= Exercise description =
Your answer must be the full listing, reproduced exactly, minus any pictures.

= Source material =
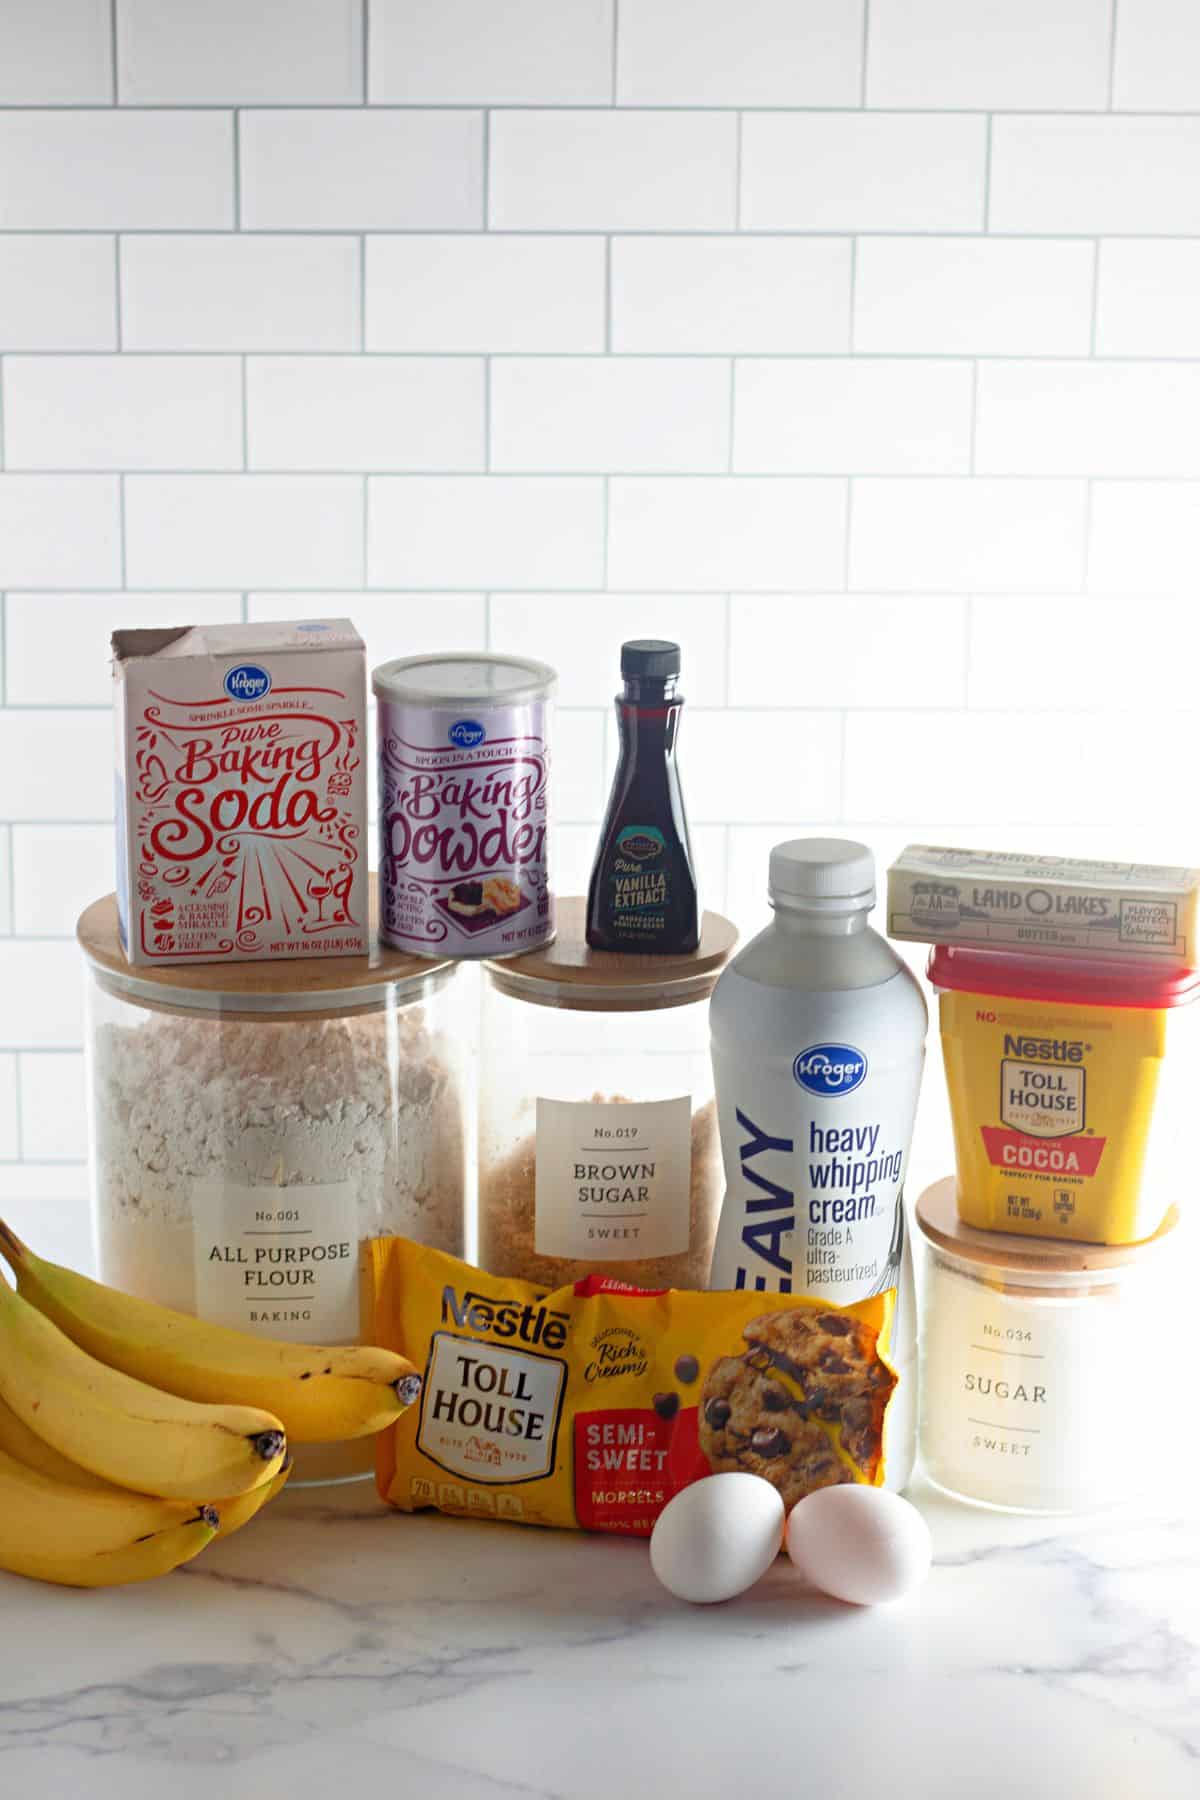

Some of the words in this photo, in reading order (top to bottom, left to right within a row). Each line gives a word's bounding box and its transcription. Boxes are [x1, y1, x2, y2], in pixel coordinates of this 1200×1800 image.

[231, 671, 265, 695] Kroger
[189, 707, 234, 722] SPRINKLE
[221, 723, 282, 749] Pure
[451, 725, 482, 744] Kroger
[174, 734, 321, 785] Baking
[406, 772, 534, 821] Baking
[150, 772, 338, 861] Soda
[385, 808, 546, 886] Powder
[615, 873, 666, 892] VANILLA
[614, 887, 666, 908] EXTRACT
[972, 887, 1023, 909] LAND
[1025, 889, 1053, 915] O
[1056, 894, 1109, 916] LAKES
[1124, 914, 1170, 926] PROTECT
[1127, 905, 1168, 917] FLAVOR
[799, 1054, 863, 1086] Kroger
[1019, 1069, 1068, 1092] TOLL
[1009, 1089, 1078, 1112] HOUSE
[593, 1127, 639, 1139] No.019
[809, 1120, 881, 1158] heavy
[1002, 1144, 1080, 1171] COCOA
[573, 1162, 656, 1181] BROWN
[808, 1149, 904, 1195] whipping
[578, 1187, 649, 1203] SUGAR
[735, 1107, 795, 1294] EAVY
[255, 1210, 300, 1222] No.001
[808, 1193, 876, 1225] cream
[588, 1228, 641, 1239] SWEET
[807, 1228, 842, 1247] Grade
[845, 1229, 853, 1243] A
[208, 1245, 248, 1264] ALL
[255, 1242, 351, 1264] PURPOSE
[806, 1247, 841, 1265] ultra-
[244, 1269, 316, 1286] FLOUR
[806, 1258, 878, 1287] pasteurized
[250, 1310, 312, 1322] BAKING
[597, 1340, 639, 1364] Rich
[456, 1355, 533, 1400] TOLL
[583, 1360, 649, 1384] Creamy
[963, 1372, 1047, 1404] SUGAR
[432, 1389, 545, 1441] HOUSE
[586, 1423, 656, 1445] SEMI-
[973, 1435, 1031, 1457] SWEET
[586, 1448, 668, 1471] SWEET
[591, 1490, 665, 1505] MORSELS
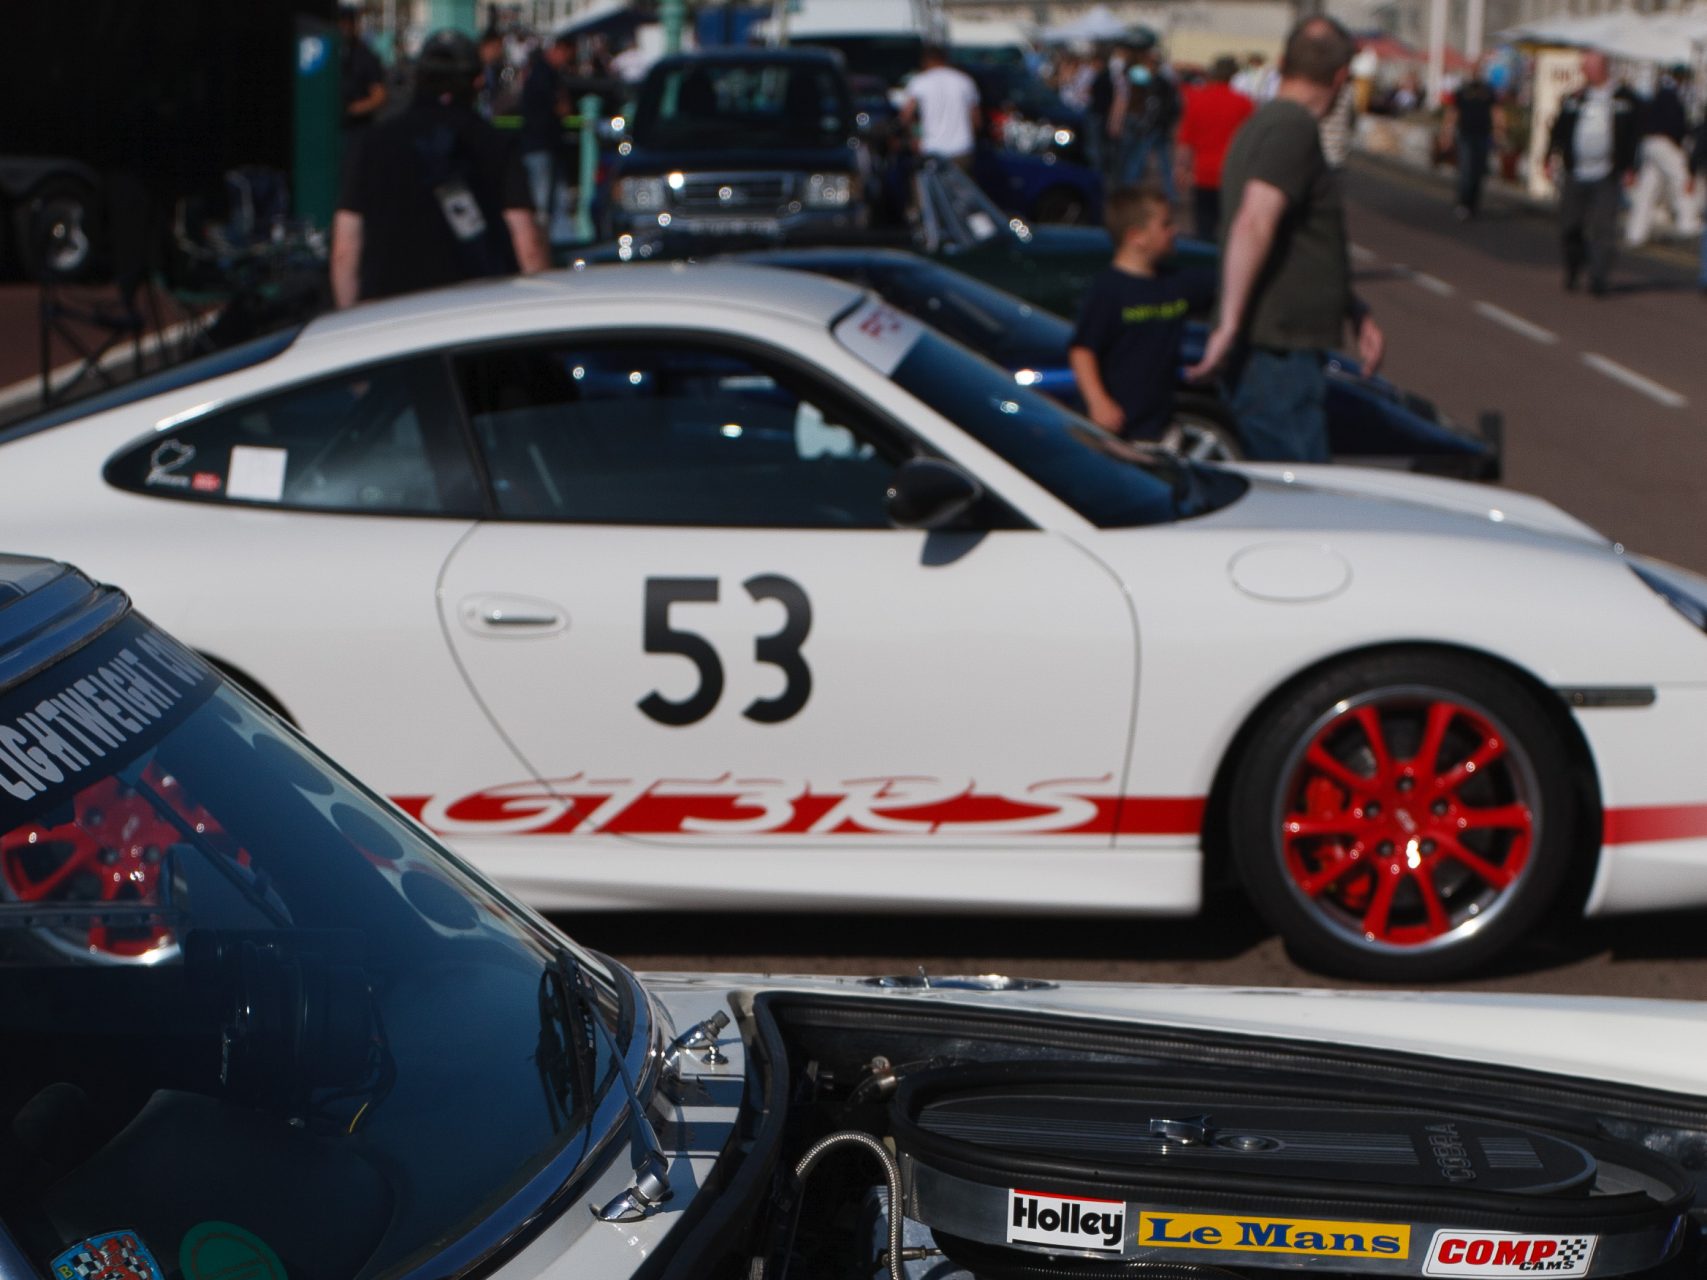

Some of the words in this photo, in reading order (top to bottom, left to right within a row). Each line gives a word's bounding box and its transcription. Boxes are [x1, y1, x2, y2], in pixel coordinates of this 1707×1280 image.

[636, 572, 813, 728] 53
[1013, 1196, 1123, 1247] Holley
[1146, 1217, 1223, 1245] Le
[1234, 1221, 1401, 1254] Mans
[1437, 1238, 1558, 1266] COMP
[1518, 1260, 1575, 1271] CAMS
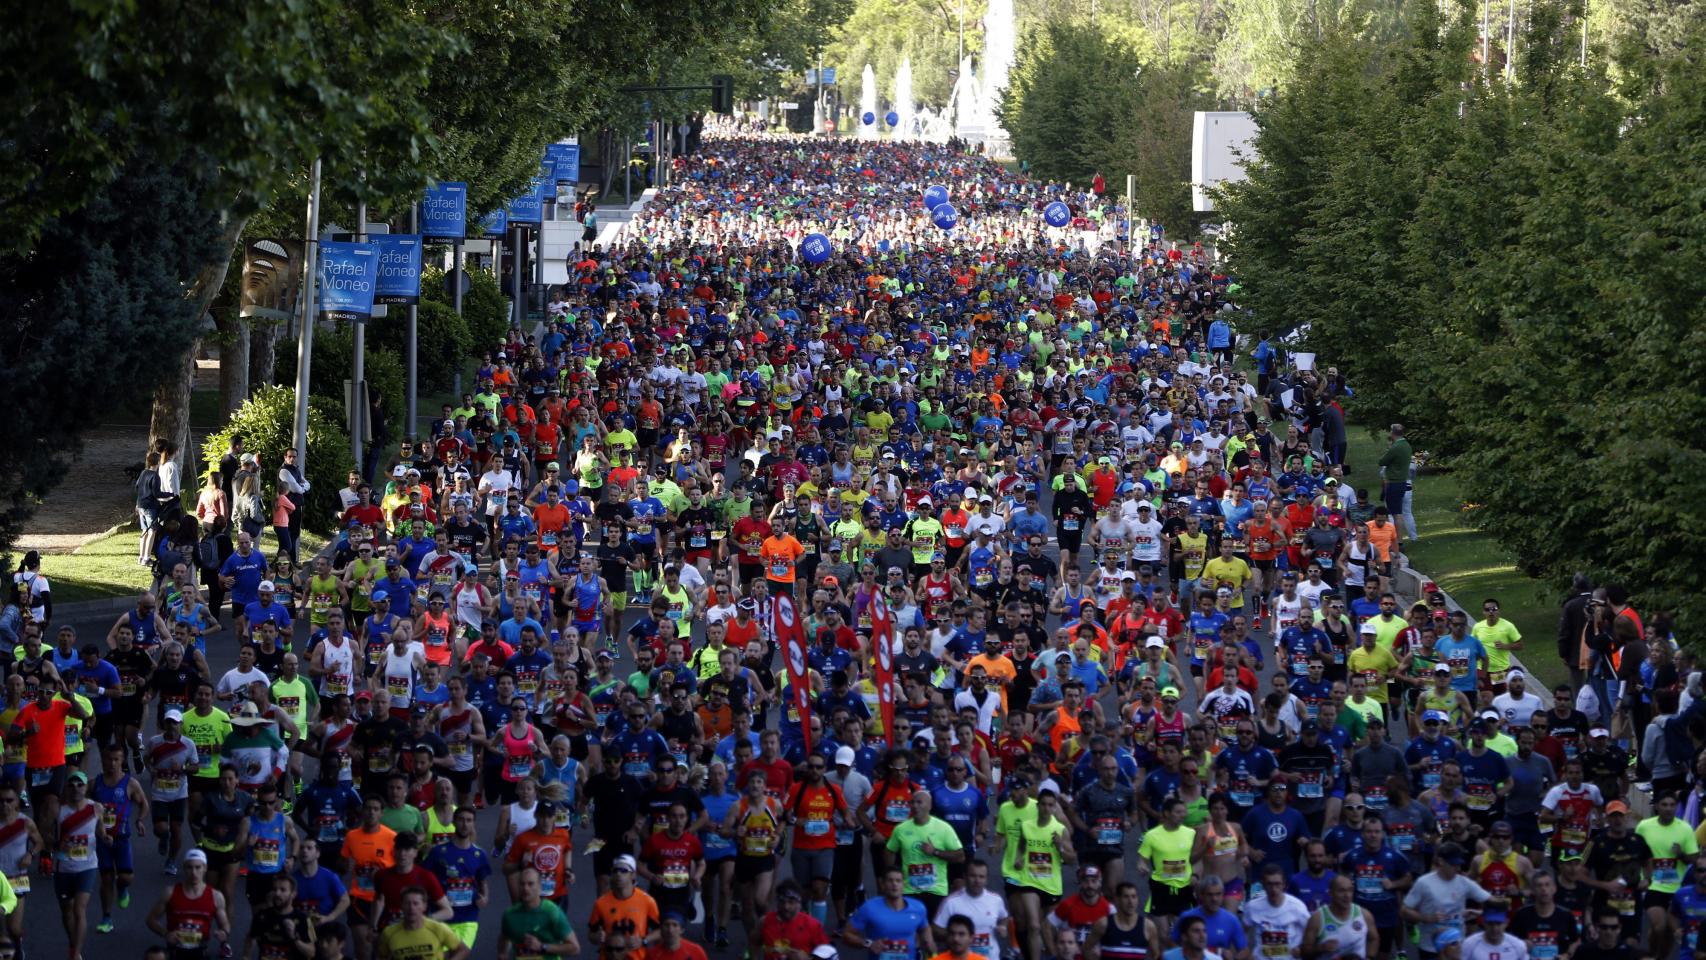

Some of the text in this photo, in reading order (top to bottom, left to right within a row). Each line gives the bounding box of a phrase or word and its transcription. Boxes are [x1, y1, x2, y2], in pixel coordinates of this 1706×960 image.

[556, 162, 577, 170] oneo
[423, 195, 458, 209] Rafael
[423, 208, 462, 221] Moneo
[323, 259, 367, 277] Rafael
[322, 275, 370, 292] Moneo
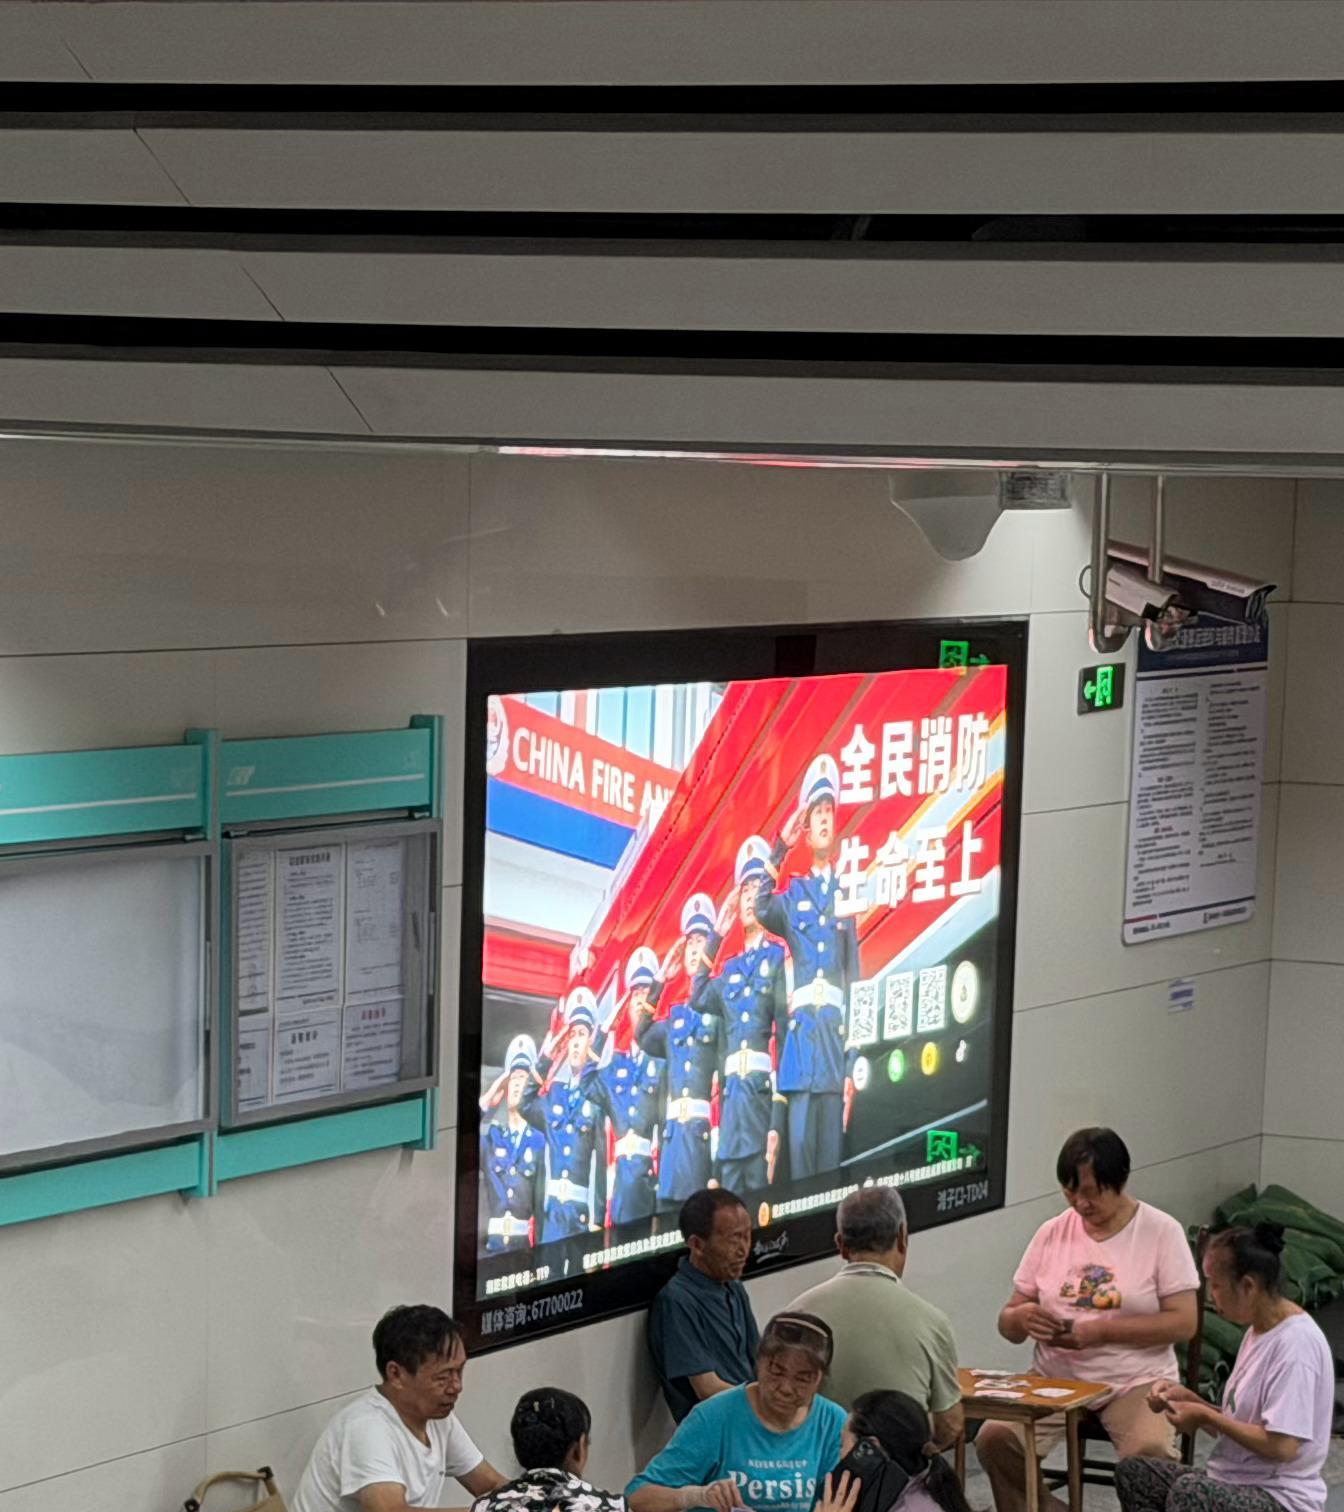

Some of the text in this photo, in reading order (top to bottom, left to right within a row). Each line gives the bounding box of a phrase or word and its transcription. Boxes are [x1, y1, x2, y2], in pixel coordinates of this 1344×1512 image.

[512, 727, 675, 816] CHINA FIRE AN
[839, 712, 990, 804] 全民消防
[833, 821, 984, 918] 生命至上
[727, 1470, 816, 1500] Persis

= Expected answer =
Some of the words in this photo, in reading order (top to bottom, left to right within a row). Each line gives a word's bounding box and its transcription. Boxes are [x1, y1, x2, y2], in pixel coordinates of this 1200×1800 image.

[231, 671, 265, 695] Kroger
[189, 707, 234, 722] SPRINKLE
[221, 723, 282, 749] Pure
[451, 725, 482, 744] Kroger
[174, 734, 321, 785] Baking
[406, 772, 534, 821] Baking
[150, 772, 338, 861] Soda
[385, 808, 546, 886] Powder
[615, 873, 666, 892] VANILLA
[614, 887, 666, 908] EXTRACT
[972, 887, 1023, 909] LAND
[1025, 889, 1053, 915] O
[1056, 894, 1109, 916] LAKES
[1124, 914, 1170, 926] PROTECT
[1127, 905, 1168, 917] FLAVOR
[799, 1054, 863, 1086] Kroger
[1019, 1069, 1068, 1092] TOLL
[1009, 1089, 1078, 1112] HOUSE
[593, 1127, 639, 1139] No.019
[809, 1120, 881, 1158] heavy
[1002, 1144, 1080, 1171] COCOA
[573, 1162, 656, 1181] BROWN
[808, 1149, 904, 1195] whipping
[578, 1187, 649, 1203] SUGAR
[735, 1107, 795, 1294] EAVY
[255, 1210, 300, 1222] No.001
[808, 1193, 876, 1225] cream
[588, 1228, 641, 1239] SWEET
[807, 1228, 842, 1247] Grade
[845, 1229, 853, 1243] A
[208, 1245, 248, 1264] ALL
[255, 1242, 351, 1264] PURPOSE
[806, 1247, 841, 1265] ultra-
[244, 1269, 316, 1286] FLOUR
[806, 1258, 878, 1287] pasteurized
[250, 1310, 312, 1322] BAKING
[597, 1340, 639, 1364] Rich
[456, 1355, 533, 1400] TOLL
[583, 1360, 649, 1384] Creamy
[963, 1372, 1047, 1404] SUGAR
[432, 1389, 545, 1441] HOUSE
[586, 1423, 656, 1445] SEMI-
[973, 1435, 1031, 1457] SWEET
[586, 1448, 668, 1471] SWEET
[591, 1490, 665, 1505] MORSELS

Some of the words in this photo, in reading order (top to bottom, left to right within a row). Each line gives a word's bounding box and its transcription. Boxes are [x1, y1, x2, y2], in pixel coordinates of this 1707×1280 image.

[636, 572, 813, 728] 53
[1013, 1196, 1123, 1247] Holley
[1146, 1217, 1223, 1245] Le
[1234, 1221, 1401, 1254] Mans
[1437, 1238, 1558, 1266] COMP
[1518, 1260, 1575, 1271] CAMS

Some of the text in this photo, in reading order (top to bottom, left to right within a row). Each line gives the bounding box of a phrase or word and its transcription. Boxes are [x1, y1, x2, y2], in pixel coordinates of this 1706×960 image.

[556, 162, 577, 170] oneo
[423, 195, 458, 209] Rafael
[423, 208, 462, 221] Moneo
[323, 259, 367, 277] Rafael
[322, 275, 370, 292] Moneo

Some of the text in this photo, in reading order (top to bottom, left to right within a row). Each line gives the bounding box of a phrase or word and its transcription. Boxes are [x1, y1, x2, y2], in pixel coordinates of this 1344×1512 image.

[512, 727, 675, 816] CHINA FIRE AN
[839, 712, 990, 804] 全民消防
[833, 821, 984, 918] 生命至上
[727, 1470, 816, 1500] Persis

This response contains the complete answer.